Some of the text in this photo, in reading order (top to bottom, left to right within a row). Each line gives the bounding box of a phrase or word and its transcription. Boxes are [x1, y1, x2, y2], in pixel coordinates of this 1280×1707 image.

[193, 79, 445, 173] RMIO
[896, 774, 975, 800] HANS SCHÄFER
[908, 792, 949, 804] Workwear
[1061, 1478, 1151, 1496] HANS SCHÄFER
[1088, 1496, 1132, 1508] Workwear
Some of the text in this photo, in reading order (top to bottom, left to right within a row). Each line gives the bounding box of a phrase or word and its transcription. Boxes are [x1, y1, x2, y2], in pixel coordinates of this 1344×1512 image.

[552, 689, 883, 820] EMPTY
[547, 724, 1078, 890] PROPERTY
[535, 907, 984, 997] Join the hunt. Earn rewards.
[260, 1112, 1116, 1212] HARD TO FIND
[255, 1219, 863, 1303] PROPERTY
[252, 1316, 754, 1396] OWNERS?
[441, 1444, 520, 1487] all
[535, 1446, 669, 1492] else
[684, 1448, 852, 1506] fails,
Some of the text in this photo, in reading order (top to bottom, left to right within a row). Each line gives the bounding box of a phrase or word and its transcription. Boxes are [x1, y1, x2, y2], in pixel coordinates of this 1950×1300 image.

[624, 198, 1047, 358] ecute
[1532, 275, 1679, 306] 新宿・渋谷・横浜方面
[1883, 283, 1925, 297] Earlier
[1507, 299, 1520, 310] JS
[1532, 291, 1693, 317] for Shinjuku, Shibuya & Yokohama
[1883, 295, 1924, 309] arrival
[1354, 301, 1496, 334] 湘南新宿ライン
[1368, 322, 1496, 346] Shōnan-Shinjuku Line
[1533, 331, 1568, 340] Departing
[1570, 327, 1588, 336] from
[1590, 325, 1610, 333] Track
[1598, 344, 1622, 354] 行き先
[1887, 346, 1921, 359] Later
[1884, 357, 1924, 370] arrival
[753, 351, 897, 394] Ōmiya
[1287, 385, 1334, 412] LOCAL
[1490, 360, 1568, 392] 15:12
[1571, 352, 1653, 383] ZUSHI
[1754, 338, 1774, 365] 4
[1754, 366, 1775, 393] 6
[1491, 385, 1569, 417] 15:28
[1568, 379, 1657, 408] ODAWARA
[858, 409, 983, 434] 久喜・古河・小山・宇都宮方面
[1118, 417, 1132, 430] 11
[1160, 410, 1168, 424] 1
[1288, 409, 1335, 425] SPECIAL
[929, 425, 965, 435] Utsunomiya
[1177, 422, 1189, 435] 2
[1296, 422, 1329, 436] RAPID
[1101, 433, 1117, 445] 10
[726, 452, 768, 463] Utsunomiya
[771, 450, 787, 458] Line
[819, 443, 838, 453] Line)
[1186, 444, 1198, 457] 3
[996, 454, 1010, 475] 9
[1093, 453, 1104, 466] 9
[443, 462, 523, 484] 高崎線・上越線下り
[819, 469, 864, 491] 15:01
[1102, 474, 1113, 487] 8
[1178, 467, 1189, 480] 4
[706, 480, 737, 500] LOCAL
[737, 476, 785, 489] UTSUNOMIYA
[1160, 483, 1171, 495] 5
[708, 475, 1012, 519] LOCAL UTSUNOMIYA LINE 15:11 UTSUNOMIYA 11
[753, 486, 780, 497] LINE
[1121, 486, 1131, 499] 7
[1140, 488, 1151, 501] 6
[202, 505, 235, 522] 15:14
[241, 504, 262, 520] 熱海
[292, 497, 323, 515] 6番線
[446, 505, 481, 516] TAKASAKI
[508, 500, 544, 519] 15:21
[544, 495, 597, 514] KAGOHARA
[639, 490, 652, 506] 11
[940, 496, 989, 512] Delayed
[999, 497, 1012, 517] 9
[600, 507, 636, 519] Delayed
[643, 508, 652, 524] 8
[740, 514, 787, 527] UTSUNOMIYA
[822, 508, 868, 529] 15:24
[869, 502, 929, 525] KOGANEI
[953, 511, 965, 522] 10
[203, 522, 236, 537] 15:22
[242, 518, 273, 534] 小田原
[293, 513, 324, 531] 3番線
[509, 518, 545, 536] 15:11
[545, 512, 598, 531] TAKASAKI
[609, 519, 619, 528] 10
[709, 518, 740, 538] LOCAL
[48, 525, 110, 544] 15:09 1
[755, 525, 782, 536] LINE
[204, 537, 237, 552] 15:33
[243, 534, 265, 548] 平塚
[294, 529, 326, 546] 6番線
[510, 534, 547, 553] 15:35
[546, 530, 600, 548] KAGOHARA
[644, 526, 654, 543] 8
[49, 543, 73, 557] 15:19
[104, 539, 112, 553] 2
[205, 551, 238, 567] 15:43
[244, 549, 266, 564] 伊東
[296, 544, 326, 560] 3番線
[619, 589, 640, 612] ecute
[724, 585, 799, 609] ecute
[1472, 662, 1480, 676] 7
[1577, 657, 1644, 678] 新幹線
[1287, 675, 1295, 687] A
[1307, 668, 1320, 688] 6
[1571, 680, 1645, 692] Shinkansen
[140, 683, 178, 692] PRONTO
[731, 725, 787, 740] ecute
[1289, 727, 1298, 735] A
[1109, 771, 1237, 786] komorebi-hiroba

▸ **Exercise goal**:
Give the records again, complete and exact.

▸ **Answer**:
Some of the text in this photo, in reading order (top to bottom, left to right within a row). Each line gives the bounding box of a phrase or word and its transcription. Boxes are [x1, y1, x2, y2], in pixel coordinates of this 1280×1707 image.

[193, 79, 445, 173] RMIO
[896, 774, 975, 800] HANS SCHÄFER
[908, 792, 949, 804] Workwear
[1061, 1478, 1151, 1496] HANS SCHÄFER
[1088, 1496, 1132, 1508] Workwear
Some of the text in this photo, in reading order (top to bottom, left to right within a row). Each line gives the bounding box of a phrase or word and its transcription. Boxes are [x1, y1, x2, y2], in pixel coordinates of this 1344×1512 image.

[552, 689, 883, 820] EMPTY
[547, 724, 1078, 890] PROPERTY
[535, 907, 984, 997] Join the hunt. Earn rewards.
[260, 1112, 1116, 1212] HARD TO FIND
[255, 1219, 863, 1303] PROPERTY
[252, 1316, 754, 1396] OWNERS?
[441, 1444, 520, 1487] all
[535, 1446, 669, 1492] else
[684, 1448, 852, 1506] fails,
Some of the text in this photo, in reading order (top to bottom, left to right within a row). Each line gives the bounding box of a phrase or word and its transcription. Boxes are [x1, y1, x2, y2], in pixel coordinates of this 1950×1300 image.

[624, 198, 1047, 358] ecute
[1532, 275, 1679, 306] 新宿・渋谷・横浜方面
[1883, 283, 1925, 297] Earlier
[1507, 299, 1520, 310] JS
[1532, 291, 1693, 317] for Shinjuku, Shibuya & Yokohama
[1883, 295, 1924, 309] arrival
[1354, 301, 1496, 334] 湘南新宿ライン
[1368, 322, 1496, 346] Shōnan-Shinjuku Line
[1533, 331, 1568, 340] Departing
[1570, 327, 1588, 336] from
[1590, 325, 1610, 333] Track
[1598, 344, 1622, 354] 行き先
[1887, 346, 1921, 359] Later
[1884, 357, 1924, 370] arrival
[753, 351, 897, 394] Ōmiya
[1287, 385, 1334, 412] LOCAL
[1490, 360, 1568, 392] 15:12
[1571, 352, 1653, 383] ZUSHI
[1754, 338, 1774, 365] 4
[1754, 366, 1775, 393] 6
[1491, 385, 1569, 417] 15:28
[1568, 379, 1657, 408] ODAWARA
[858, 409, 983, 434] 久喜・古河・小山・宇都宮方面
[1118, 417, 1132, 430] 11
[1160, 410, 1168, 424] 1
[1288, 409, 1335, 425] SPECIAL
[929, 425, 965, 435] Utsunomiya
[1177, 422, 1189, 435] 2
[1296, 422, 1329, 436] RAPID
[1101, 433, 1117, 445] 10
[726, 452, 768, 463] Utsunomiya
[771, 450, 787, 458] Line
[819, 443, 838, 453] Line)
[1186, 444, 1198, 457] 3
[996, 454, 1010, 475] 9
[1093, 453, 1104, 466] 9
[443, 462, 523, 484] 高崎線・上越線下り
[819, 469, 864, 491] 15:01
[1102, 474, 1113, 487] 8
[1178, 467, 1189, 480] 4
[706, 480, 737, 500] LOCAL
[737, 476, 785, 489] UTSUNOMIYA
[1160, 483, 1171, 495] 5
[708, 475, 1012, 519] LOCAL UTSUNOMIYA LINE 15:11 UTSUNOMIYA 11
[753, 486, 780, 497] LINE
[1121, 486, 1131, 499] 7
[1140, 488, 1151, 501] 6
[202, 505, 235, 522] 15:14
[241, 504, 262, 520] 熱海
[292, 497, 323, 515] 6番線
[446, 505, 481, 516] TAKASAKI
[508, 500, 544, 519] 15:21
[544, 495, 597, 514] KAGOHARA
[639, 490, 652, 506] 11
[940, 496, 989, 512] Delayed
[999, 497, 1012, 517] 9
[600, 507, 636, 519] Delayed
[643, 508, 652, 524] 8
[740, 514, 787, 527] UTSUNOMIYA
[822, 508, 868, 529] 15:24
[869, 502, 929, 525] KOGANEI
[953, 511, 965, 522] 10
[203, 522, 236, 537] 15:22
[242, 518, 273, 534] 小田原
[293, 513, 324, 531] 3番線
[509, 518, 545, 536] 15:11
[545, 512, 598, 531] TAKASAKI
[609, 519, 619, 528] 10
[709, 518, 740, 538] LOCAL
[48, 525, 110, 544] 15:09 1
[755, 525, 782, 536] LINE
[204, 537, 237, 552] 15:33
[243, 534, 265, 548] 平塚
[294, 529, 326, 546] 6番線
[510, 534, 547, 553] 15:35
[546, 530, 600, 548] KAGOHARA
[644, 526, 654, 543] 8
[49, 543, 73, 557] 15:19
[104, 539, 112, 553] 2
[205, 551, 238, 567] 15:43
[244, 549, 266, 564] 伊東
[296, 544, 326, 560] 3番線
[619, 589, 640, 612] ecute
[724, 585, 799, 609] ecute
[1472, 662, 1480, 676] 7
[1577, 657, 1644, 678] 新幹線
[1287, 675, 1295, 687] A
[1307, 668, 1320, 688] 6
[1571, 680, 1645, 692] Shinkansen
[140, 683, 178, 692] PRONTO
[731, 725, 787, 740] ecute
[1289, 727, 1298, 735] A
[1109, 771, 1237, 786] komorebi-hiroba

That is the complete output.